Leo la dedicatoria que escribió Malraux en el ejemplar de La condición humana: «..un intento de dar a los hombres conciencia de su propia grandeza que ignoraban».La condición humana es novela que puso de golpe a Maleaux entre los más grandes escritores de nuestra época en el año en que nos conocimos. Publicada en 1933. en Francia, Sur la tradujo y publicó en 1936. Antes de su publicación, en Gallimard, me dijo un día Drieu La Rochelle (cuya amistad con Malraux se mantuvo toda la vida, a pesar de los ásperos desacuerdos Políticos): «Voy a traerte a un muchacho extraordinario, verás.» En efecto, vi. Así llegó Malraux a mi departamento de la avenue Malakof. Alto y delgado, hablaba rápidamente, casi tanto como Valéry. pero con otras características: con abreviaturas continuas, como si diera por sentado que el interlocutor tenía que saber de qué se trataba. Era un hombre que no había cumplido los treinta, nervioso, y sin embargo daba una impresión de seguridad y de decisión.Desde aquel momento aquilaté su inteligencia y la rapidez con que funcionaba. Este tempo era muy de llamar la atención en él.

La lectura de La condición humana, a pesar de esto, me tomó de sorpresa. Era la mejor novela de todas las que había leído en aquella época. Su traducción para Sur fue el comienzo de nuestra amistad.

En la primera carta de las que conservo de Malraux (1933) me dice que está concluyendo un ensayo que tal vez le interesaría a Sur me agradece mis palabras sobre La condición humana. El libro me dejó (como a John Lehmann) con un temblor de admiración. Fue la primera obra de Malraux que se tradujo al español. Para libros ilustrados no nos alcanzaban los fondos, pero todos los demás, a partir de las Antimemorias, fueron publicados por Sur.«Dar la cara»

No voy a enumerar aquí las múltiples actividades de este hombre genial en toda la extensión de la palabra, de este hombre que dio la para y arriesgó su vida por las causas que merecían su fe.

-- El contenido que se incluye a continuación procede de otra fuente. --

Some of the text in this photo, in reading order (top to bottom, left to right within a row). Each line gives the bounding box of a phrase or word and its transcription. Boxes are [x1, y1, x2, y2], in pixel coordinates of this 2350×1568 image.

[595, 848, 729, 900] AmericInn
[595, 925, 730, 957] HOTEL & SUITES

España lo sabe lo supo el maquis (coronel Berger), como lo supo últimamente BanglaDesh. Y en otro orden de cosas supo, de este dar la cara, el rejuvenecimiento de París (resistido al principio), en que demostró su sentido agudo de la belleza visual y su imaginación. Imaginación que lo impulsó a convertir a la Gioconda y a la Venus de Milo en viajeras, como él, infatigablemente curioso de los esplendores y las miserias del mundo. Pues en el mundo entero buscó y encontró el material para sus libros y ese saltar del pensamiento a la acción, siendo, a pesar de ello, el más patriota de los franceses: pero un francés abierto a los cuatro puntos cardinales.

En diciembre de 1947 me escribe: «Puede creerme: si el general De Gaulle vuelve al poder, tendremos un ministro de Cultura a tout casser (que llevará todo por delante)». Y a propósito de dudas y angustias literarias que le confiaba yo: «Sepa usted que un poeta japonés había escrito un poema sobre las mariposas. Lo encontró muy malo, lo rompió y tiró los papeles al aire, pero éstos volaron, livianos, y se posaron sobre las ramas de un árbol.» ¿Se hubiese podido contestar con más gracia y simpatía a mi queja?

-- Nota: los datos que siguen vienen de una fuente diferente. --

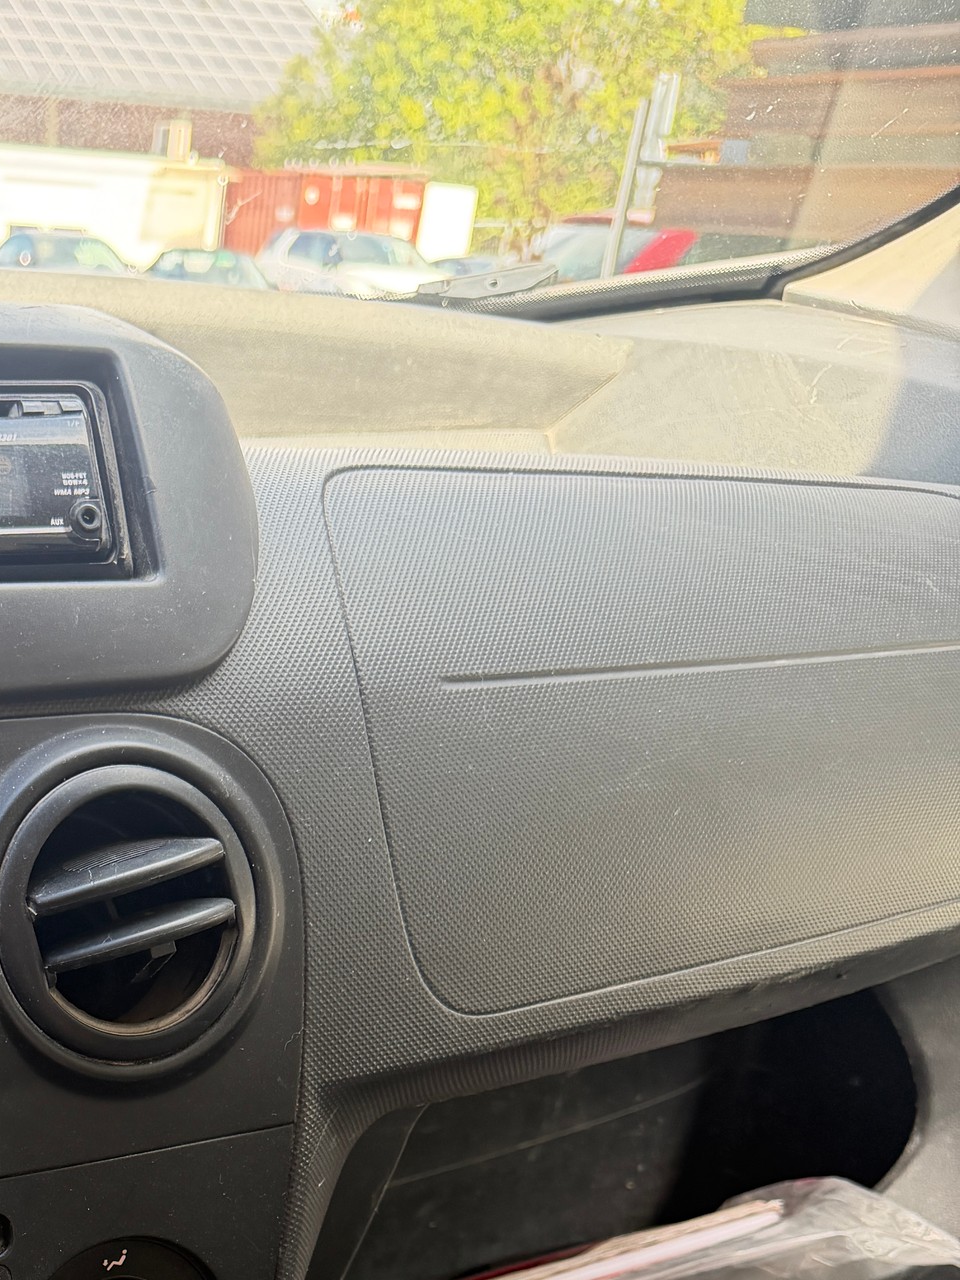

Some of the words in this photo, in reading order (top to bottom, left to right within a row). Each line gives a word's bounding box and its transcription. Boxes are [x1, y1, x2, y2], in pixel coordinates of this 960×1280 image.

[53, 488, 72, 496] WMA
[73, 487, 90, 496] MP3
[50, 516, 65, 526] AUX

Hace poco, en una de mis últimas cartas, le comentaba mi proyecto de un número de Sur dedicado a lo que diferencia lo que él llama el espíritu científico y el espíritu metafísico (y yo llamo lo intelectual y lo espiritual). Le explicaba que este número debía partir de las páginas 46 y 47 de su Huéspedes de paso (Sur, julio 1976). Citaba yo estos párrafos del diálogo de Malraux con Senghor: «Solamente India se atrevió a afirmar que todos los hombres pueden alcanzar a Dios a través de sus propios dioses. Pero este pensamiento ha sido cuestionado con particular vigor en nuestro siglo, en que vemos contraponerse el espíritu científico -no el espíritu técnico sino la búsqueda de las leyes universales- y el espíritu metafísico. Hoy comienza el diálogo más trascendente que el pensamiento humano haya conocido, el diálogo entre estas leyes y el significado de la vida, entre Einstein y Benarés.»

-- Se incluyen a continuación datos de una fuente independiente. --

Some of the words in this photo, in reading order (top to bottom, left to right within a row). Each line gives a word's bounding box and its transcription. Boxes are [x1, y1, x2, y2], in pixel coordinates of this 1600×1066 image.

Malraux me contestó, en una carta tan bien guardada que no la encuentro, que le parecía buena la idea, bueno el punto de partida. Caillois opinaba lo mismo.En una palabra, Malraux apoyaba mi proyecto. Ahora... ese apoyo me faltará. Decir que me duele es poco decir.

Si bien La condición humana despertó mi fervor, Huéspedes de paso fue la confirmación de un profundo acuerdo con aquel hombre de reacciones a veces tan imprevistas y que me maravillaban por su fuerza y su justeza.La academia

Una de las últimas veces que lo vi en Verriéres-le-Buisson (donde estará ahora bajo la tierra de ese parque que mirábamos juntos desde una ventana), llegué hasta allí con una misión cuyo fracaso descontaba: tres miembros de la Academia Francesa, amigos, me encomendaron que abogara en nombre de ellos y tratara de persuadir a Malraux que formara parte de «los inmortales». Siempre se había negado (y se seguirá negando, pensé). Llegué, pues, a aquella casa de campo, al salón azul (donde hace unas horas lo velaron) y di el mensaje lo mejor que pude. «Y ahora me la mandan a usted -dijo Malraux entre sonriente e irónico- un nuevo ardid.» Como lo sospechaba, mis palabras fueron inútiles. La Academia le pedía que ingresara, como un favor para ella. Entre otras cosas, Malraux me preguntó por qué le pedía a él que hiciera lo que yo había rehusado hacer, Le dije: «La comparación es ridícula; además, estoy dispuesta a hacerlo por las mujeres. Hágalo usted por la Academia.» Me contestó: «Usted tiene una buena razón; yo no. »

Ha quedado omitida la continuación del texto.